§ Problem description:
Every line of the material must be restated exactly, though not its pictures.
================
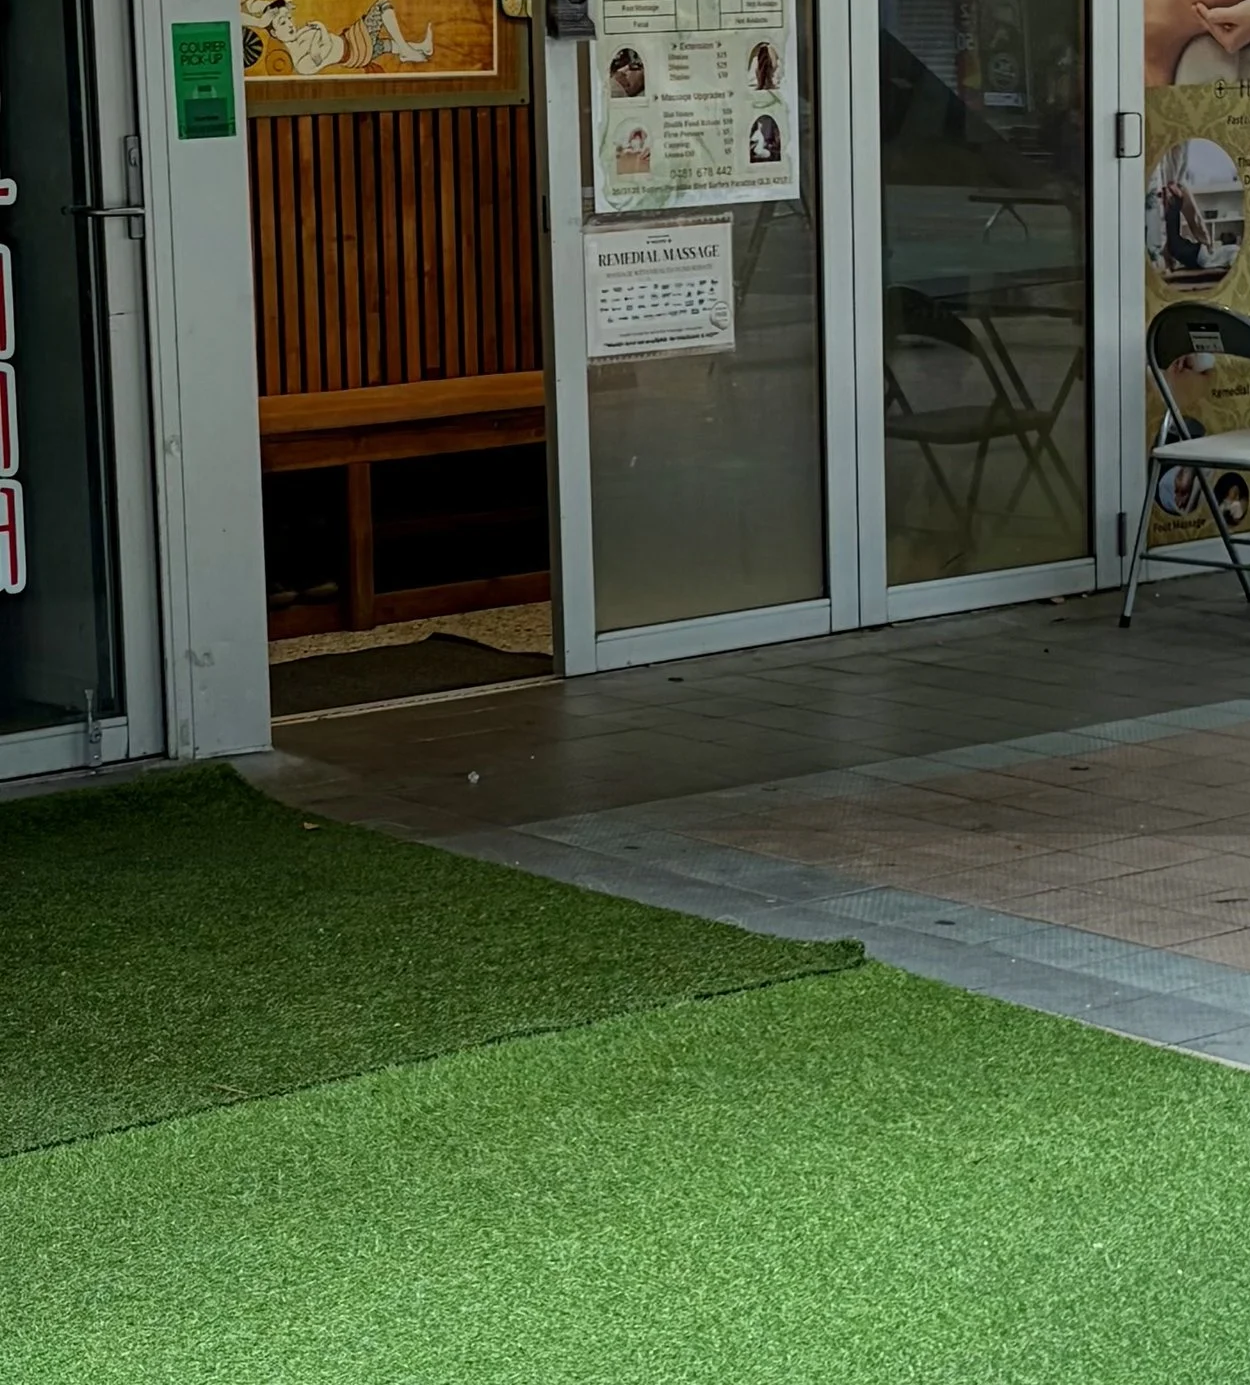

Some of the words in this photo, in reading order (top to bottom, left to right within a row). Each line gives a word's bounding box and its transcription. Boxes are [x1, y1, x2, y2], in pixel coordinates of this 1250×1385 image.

[179, 40, 226, 54] COURIER
[180, 53, 223, 66] PICK-UP
[716, 165, 732, 176] 442
[598, 250, 660, 267] REMEDIAL
[663, 244, 720, 261] MASSAGE
================
§ Completed exercise:
Some of the words in this photo, in reading order (top to bottom, left to right within a row). Each line gives a word's bounding box and its transcription. Boxes are [x1, y1, x2, y2], in pixel coordinates of this 1250×1385 image.

[179, 40, 226, 54] COURIER
[180, 53, 223, 66] PICK-UP
[716, 165, 732, 176] 442
[598, 250, 660, 267] REMEDIAL
[663, 244, 720, 261] MASSAGE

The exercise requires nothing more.